This Family Sanctuary Is Giving Abandoned Cats A Loving Home
Venezuela resembles a land from a post-apocalyptic novel. You can see modern skyscrapers but cannot charge your phone. You can have a computer, a mobile and a flat-screen TV but still have to cook on wood-burning stoves. While shopping it’s more practical to weight money rather than count it. Millions of people are running away from the country and those who stay, often starve.
Venezuela has the largest oil reserves in the world. They were discovered during World War I and up to 1980s country experienced a massive economic boom.
Hugo Chavez, who came to power in 1994, believed in radical socialism and nationalization of industries (which he pursued to an extreme). He personally participated in most of the decisions being taken which, given his ideas, led to frequent overspending outside the budget. Venezuelan economy obviously started to collapse, but Chavez stated it is a result of „economic war” fought against the country. He replaced directors of state agencies and other crucial specialists in various areas with trusted followers. Obviously, this led to greater chaos. His successor, Nicolas Maduro, maintains a similar strategy (yet without Chavez’s ideals and charisma) – under his rule Venezuela plunged into chaos.
Recently, in early 2019 inflation peaked above 1.7 million percent.

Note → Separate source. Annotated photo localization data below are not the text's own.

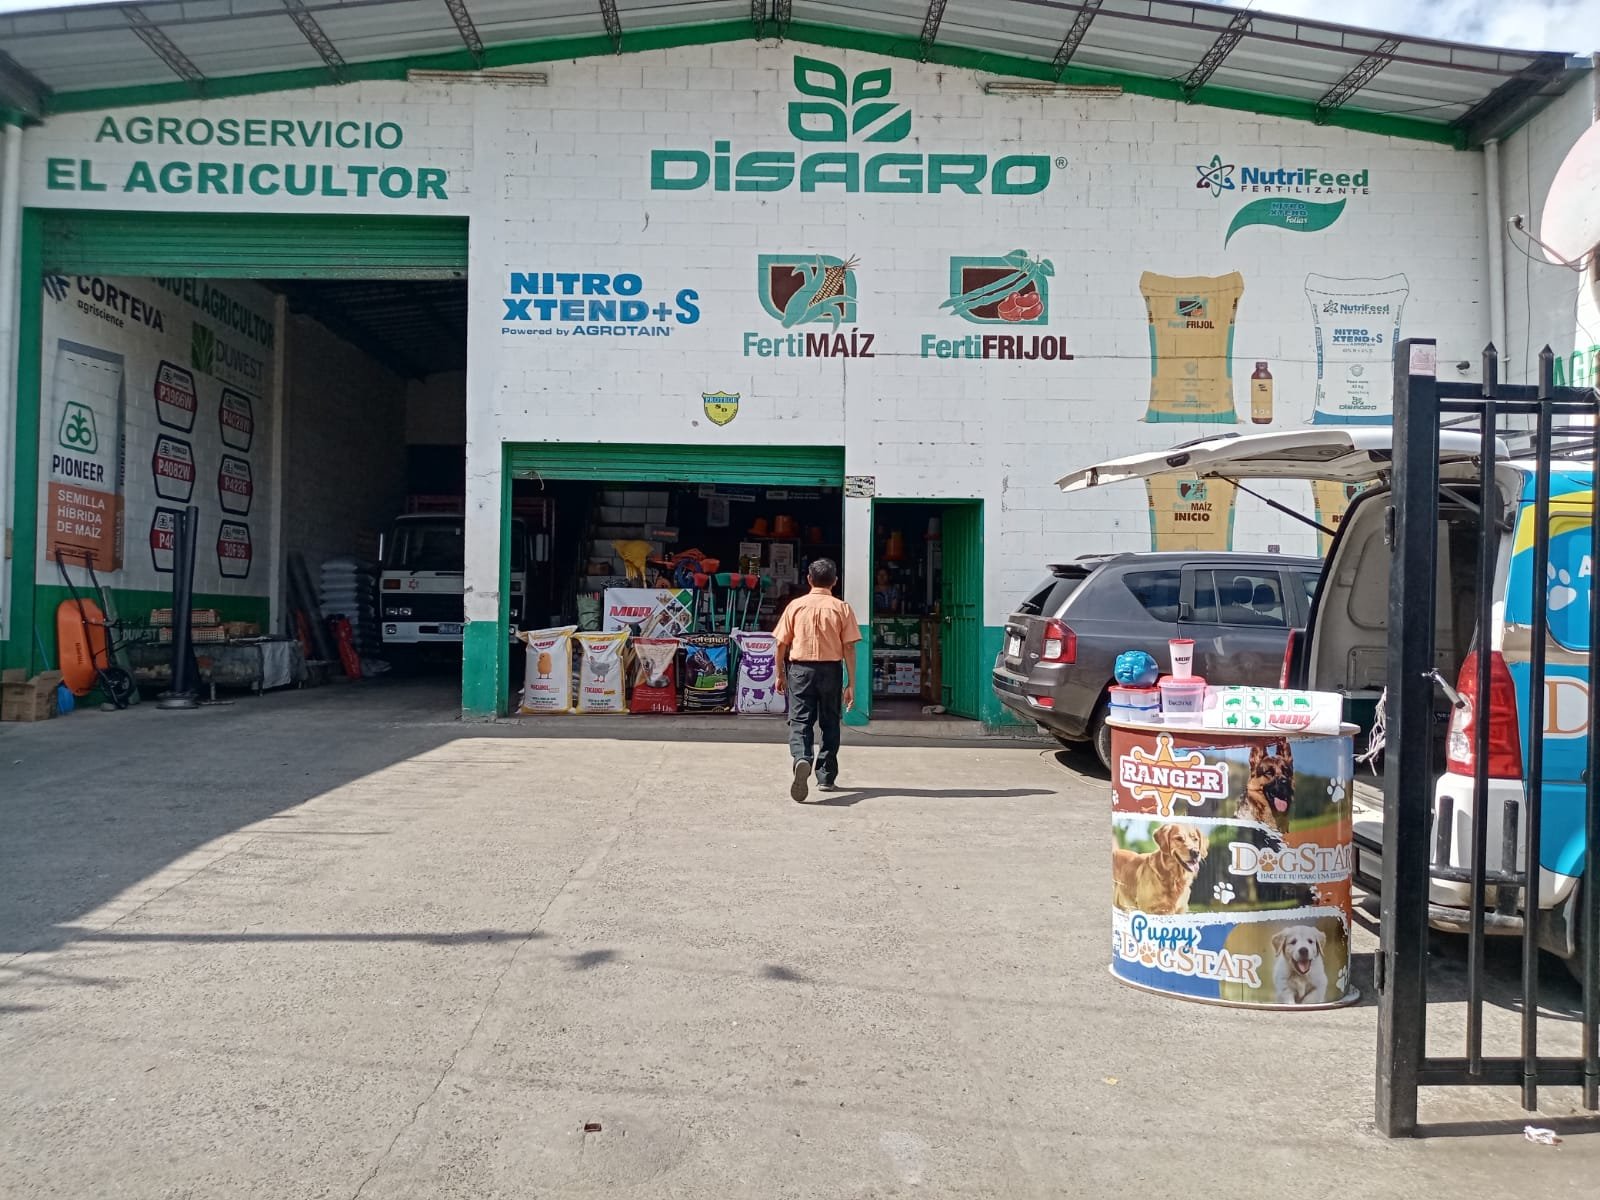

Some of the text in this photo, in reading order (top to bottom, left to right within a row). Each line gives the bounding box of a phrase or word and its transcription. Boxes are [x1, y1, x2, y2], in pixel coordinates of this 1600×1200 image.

[95, 116, 403, 150] AGROSERVICIO
[46, 157, 448, 200] EL AGRICULTOR
[1241, 167, 1369, 187] NutriFeed
[1241, 185, 1369, 195] FERTILIZANTE
[510, 272, 643, 295] NITRO
[76, 275, 164, 333] CORTEVA
[77, 299, 125, 328] agriscience
[201, 283, 275, 350] AGRICULTOR
[502, 288, 700, 325] XTEND+S
[1340, 303, 1390, 313] NutriFeed
[501, 325, 672, 337] Powered by AGROTAIN
[743, 328, 875, 358] FertiMAÍZ
[1334, 328, 1369, 336] NITRO
[921, 334, 1074, 361] FertiFRIJOL
[53, 454, 104, 483] PIONEER
[58, 489, 106, 510] SEMILLA
[56, 520, 73, 534] DE
[57, 504, 103, 525] HÍBRIDA
[1174, 512, 1210, 522] INICIO
[1268, 713, 1311, 726] MOR
[1122, 761, 1223, 792] RANGER
[1131, 914, 1200, 954] Puppy

It means that salary can barely get you anything – average monthly pay of a doctor is enough to get a pack of eggs.
My friend, Javier Reinoso, together with his parents Juan and Ellia, live in a small town of El Tocuyo in west-central Venezuela. They always loved animals, helped them and fed the needy. Despite the dire economic situation, they run a sanctuary for abandoned cats and promised never to leave the country without their 50+ animals.
In the past few months, the situation has become even worse – if that is even possible. Days go by without any drinking water available, electricity is being rationed, medical care is nonexistent.

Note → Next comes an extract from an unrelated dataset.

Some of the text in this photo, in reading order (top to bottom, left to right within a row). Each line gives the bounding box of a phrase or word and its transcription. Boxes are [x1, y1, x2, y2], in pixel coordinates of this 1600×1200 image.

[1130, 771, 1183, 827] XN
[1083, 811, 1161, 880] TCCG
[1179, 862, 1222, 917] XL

The house in which the Reinoso family lives is an old building requiring an urgent repair. Rainfalls mean sleeping in wet beds and walking in an inch of water and struggling to secure a dry spot for people (and animals).
Electricity is rationed to a few hours a day, but people are not being informed about the next blackout, so they are unable to plan.
No electricity means you can’t charge your phone, thus call an ambulance if needed, work after dusk, use a refrigerator, a computer, an electric cooker. No meds mean if a feral cat bites you, you may lose your hand. Internet shortages mean you can’t talk to your friends abroad and feeling of isolation is even greater.
Many people would run away, be consumed with depression or at least anger.
But not Reinoso family. Every so often they take in yet another cat who was left behind. Despite little food available they always manage to provide their furry friends with some nutrients. They know and love each and every one of them.
Zoe is particularly playful and mischievous. One day she got out of the premise – they looked for her relentlessly, put out fliers and offer a reward for any information about her. They’ve found her safe and sound.
Birdie had neuter done by a poorly-trained vet. This gave him an infection which due to a lack of medicine was very dangerous. Yet Reinoso managed to save him and he’s all happy to assist in writing posts on Twitter.
Little Pinticos (grey siblings) found by Javier while he was looking for a source of drinking water. They were adopted not only by a human but also by the feline family.
Sweet Cirillo enjoys his sunbath before he will be taken to the vet for his neuter.
Popy and Popina
When Popy and Popina were found, they had an eye infection, which may be dangerous (again, given the lack of meds). Thankfully, water and leftovers of eye-drops were all that was necessary.
Little Samuel and Mr. Juan clearly love each other.
Javier and his parents are kind despite the circumstances. I admire their attitude and hope one day they will have a home somewhere, where they won’t have to fight for every bit of food.